A carbon credit certifier announced a partnership with two international institutions to develop methodologies for blue carbon and blue economy on Thursday, while signalling a long-term aim to broaden its work beyond carbon.
Colombia-based Cercarbono declared its cooperation agreement with Malaysia-based Kitaran Tabah and Colombian research institution CEMarin to establish methodologies for blue carbon projects as well as examine best practices in carbon offsets, technology, and environmental assets, according to announcement.
The partners aim to develop projects focused on blue carbon ecosystems such as mangroves, salt marsh, and seagrass, which cover approximately 50 million hectares and exhibit carbon burial rates up to 55 times faster than those of tropical rainforests.

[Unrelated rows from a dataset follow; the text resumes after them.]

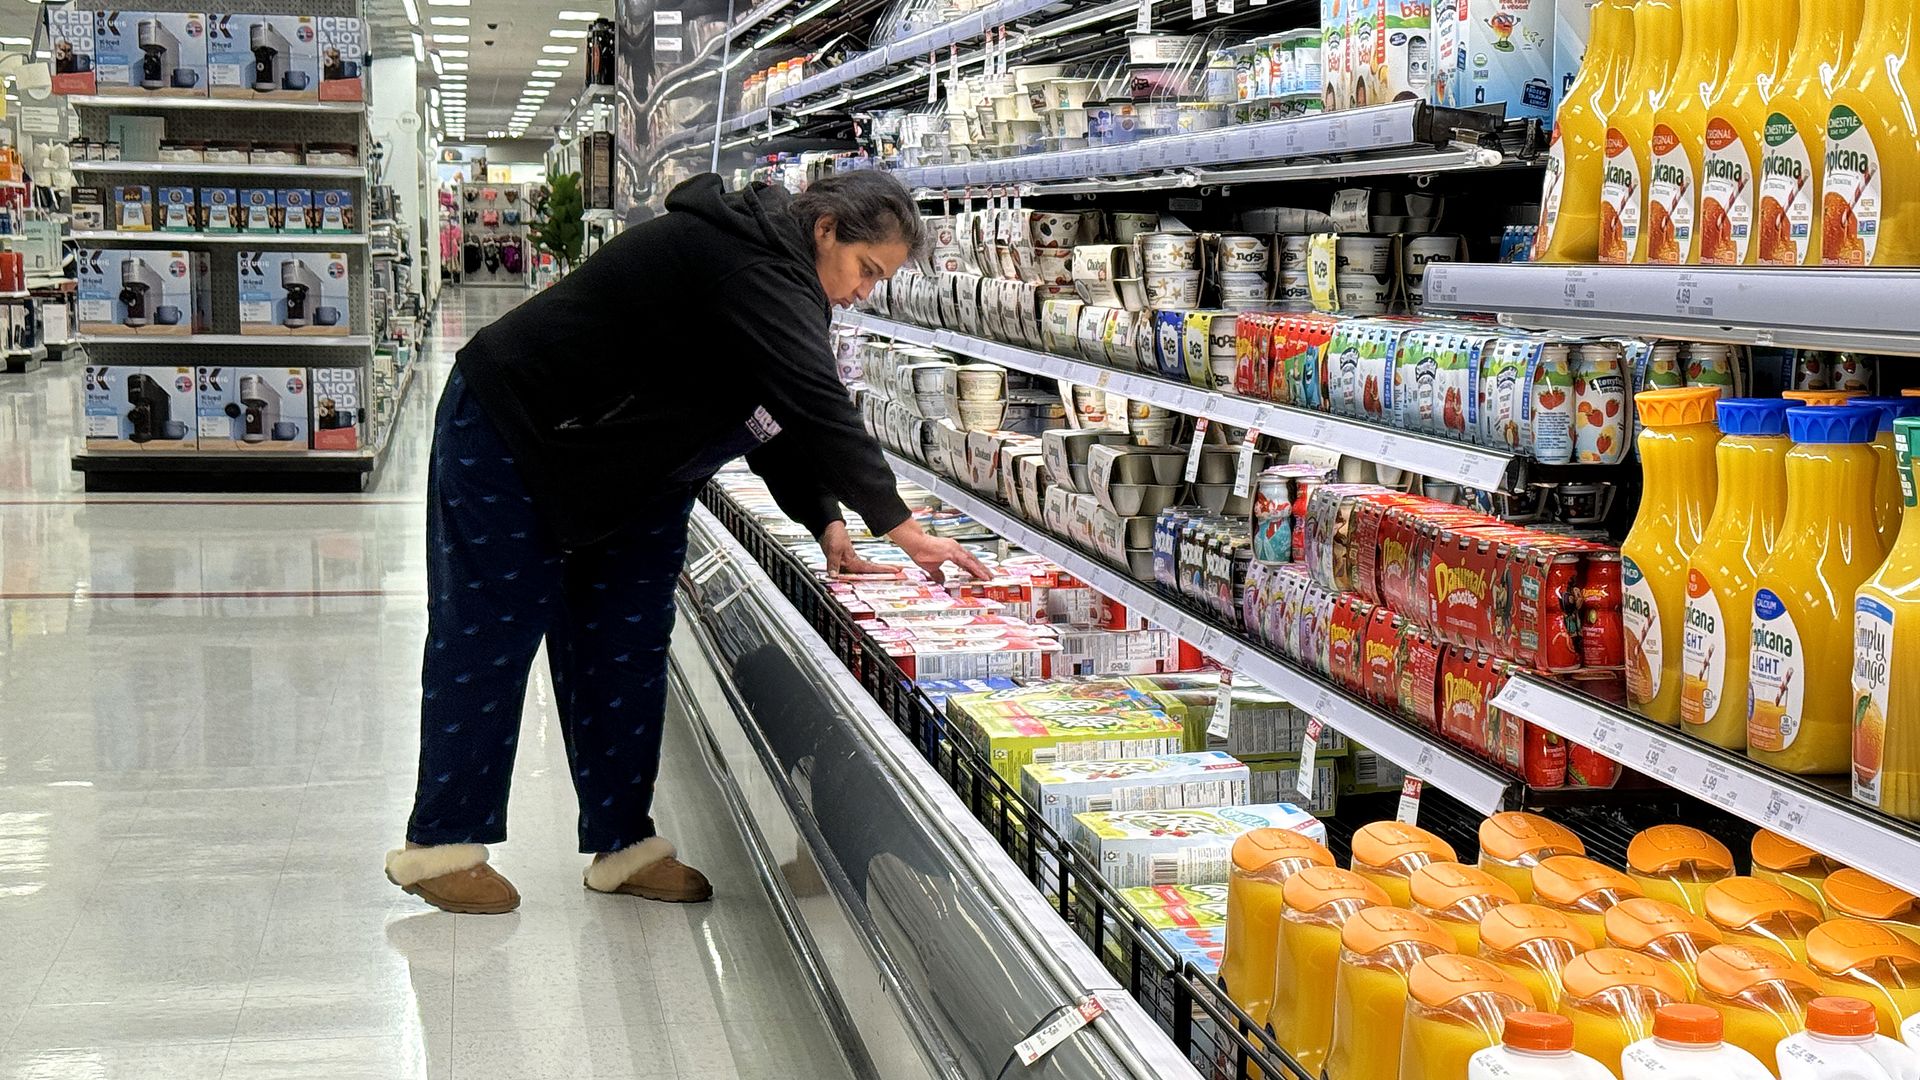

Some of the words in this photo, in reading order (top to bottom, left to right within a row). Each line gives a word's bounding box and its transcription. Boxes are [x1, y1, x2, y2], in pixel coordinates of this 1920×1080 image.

[1401, 2, 1431, 18] bab
[49, 11, 91, 25] ICED
[318, 17, 361, 32] ICED
[62, 26, 92, 37] HOT
[328, 33, 361, 44] HOT
[1236, 251, 1264, 263] noosa
[312, 368, 356, 383] ICED
[324, 382, 356, 394] HOT
[1434, 557, 1488, 603] Danimals
[1752, 652, 1780, 675] LIGHT
[1444, 668, 1483, 714] Danimals
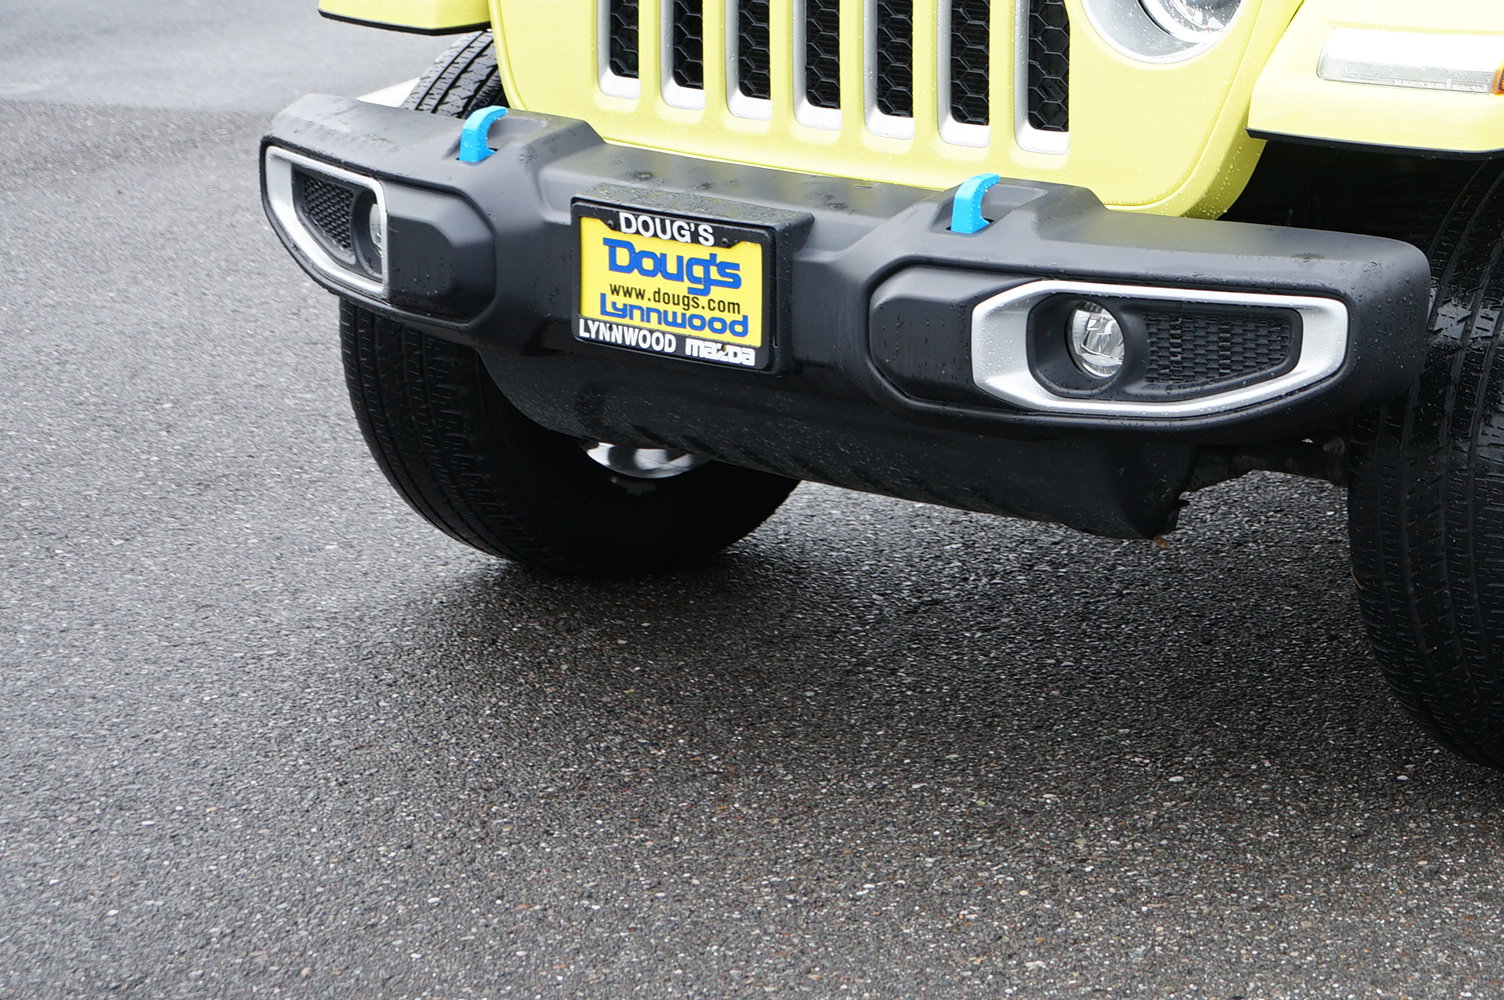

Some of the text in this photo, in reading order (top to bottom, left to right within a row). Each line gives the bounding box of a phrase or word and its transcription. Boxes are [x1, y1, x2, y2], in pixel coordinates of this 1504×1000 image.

[618, 211, 716, 247] DOUG'S
[600, 292, 749, 338] Lynnwood
[609, 282, 741, 315] www.dougs.com
[578, 318, 677, 353] LYNNWOOD

“The blue mangrove is not only the most efficient natural carbon offset, but also the most complex,” said Andres Fernando Osorio Arias, director of CEMarin.

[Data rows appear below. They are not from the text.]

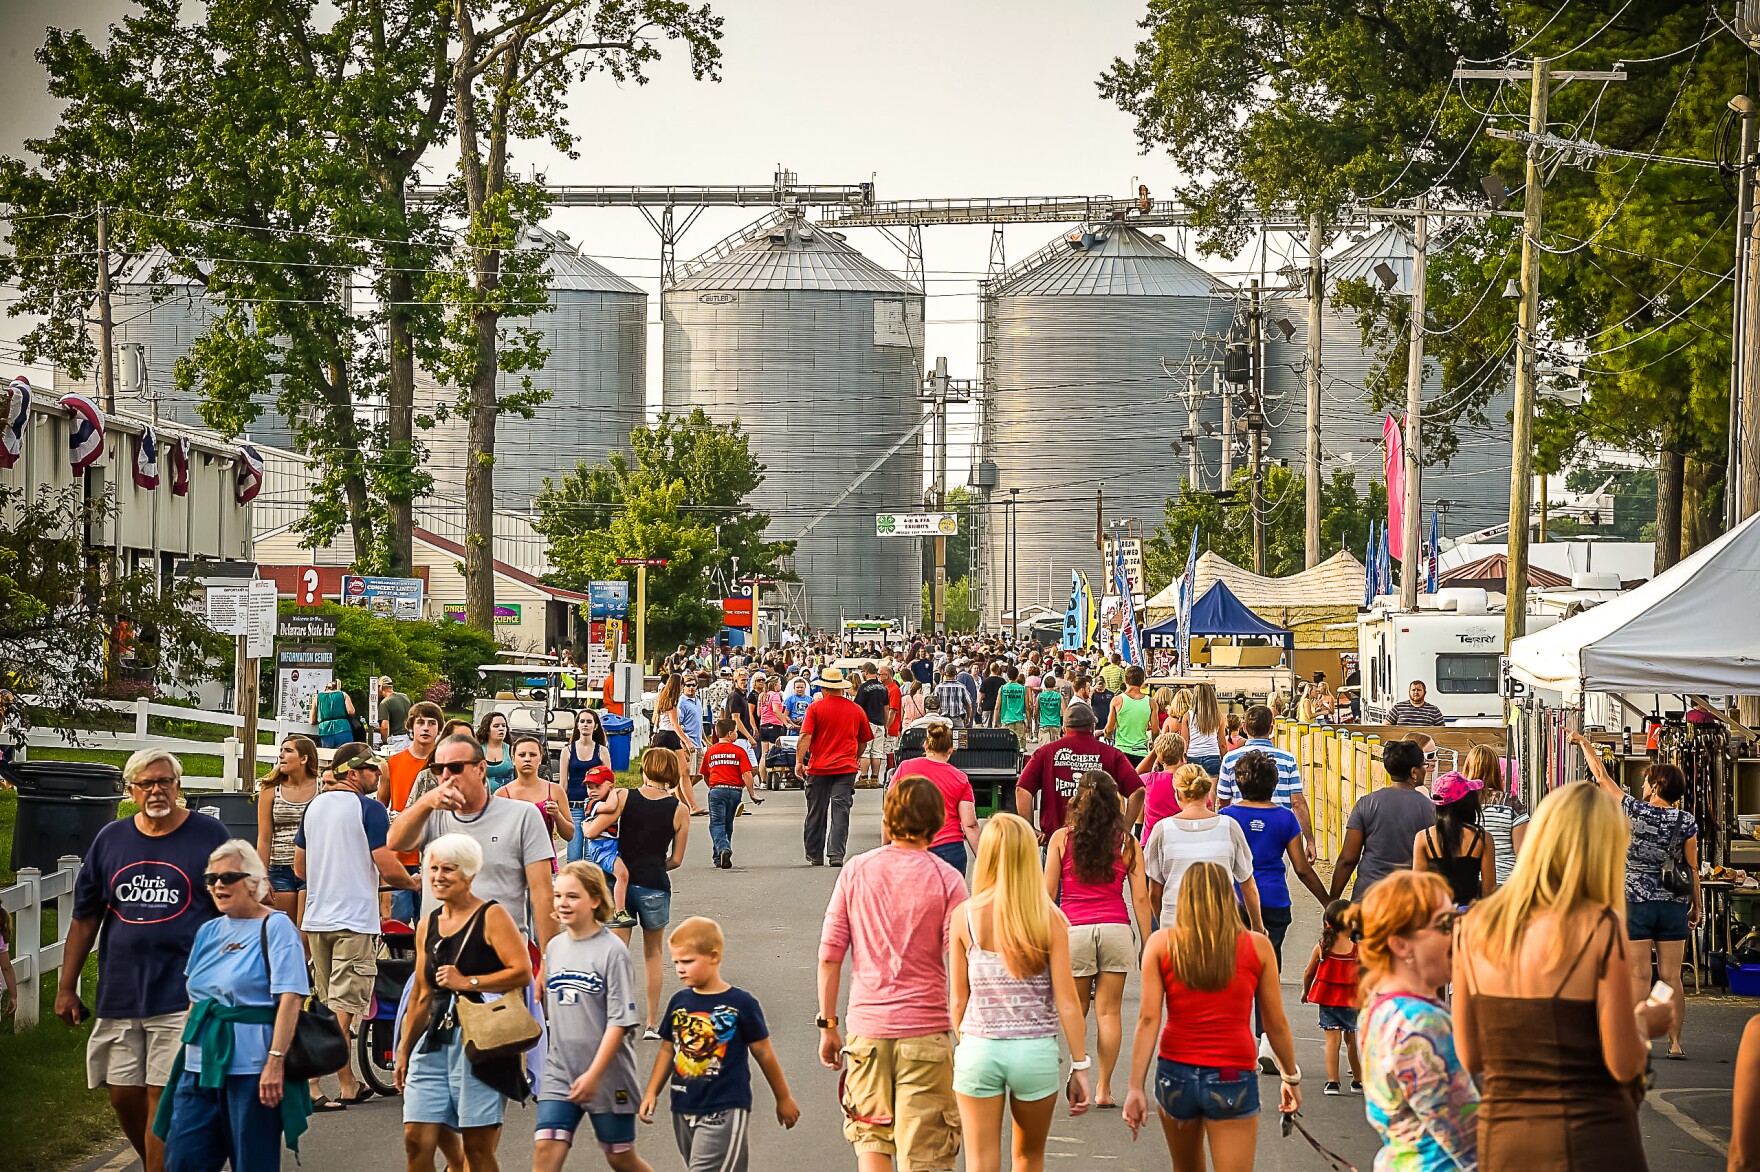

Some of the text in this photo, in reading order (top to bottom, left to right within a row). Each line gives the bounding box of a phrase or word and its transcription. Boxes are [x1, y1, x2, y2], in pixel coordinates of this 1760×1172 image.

[280, 622, 336, 636] Delaware State Fair
[314, 652, 332, 663] CENTER
[1060, 752, 1100, 762] ARCHERY
[1054, 760, 1103, 768] DISCOUNTERS
[132, 874, 166, 888] Chris
[115, 882, 180, 904] Coons

“Our collaboration will ensure that blue carbon and blue economy projects and their applied methodology respect the science and its implications for the planet in a way that is worthy and expected by the global community.”
Norita Ja’afar, founder and partner of Kitaran Tabah, explained that global buyers of carbon credits have demonstrated increasing interest in the potential of mangroves and seagrasses to become valuable carbon offset assets, particularly in the equatorial region.
She also highlighted the significance of the new methodology, stating that it will provide environmental advantages as well as ensure long-term economic benefits for local communities and stakeholders.
Following the announcement, Cercarbono also revealed a strategic planning initiative that aims to enhance its carbon standard, with the planning period spanning from 2024 to 2028.
The initiative aims to advance its voluntary carbon cerification, enhance digitalisation within the certification system, and establish standards for circular economy and biodiversity.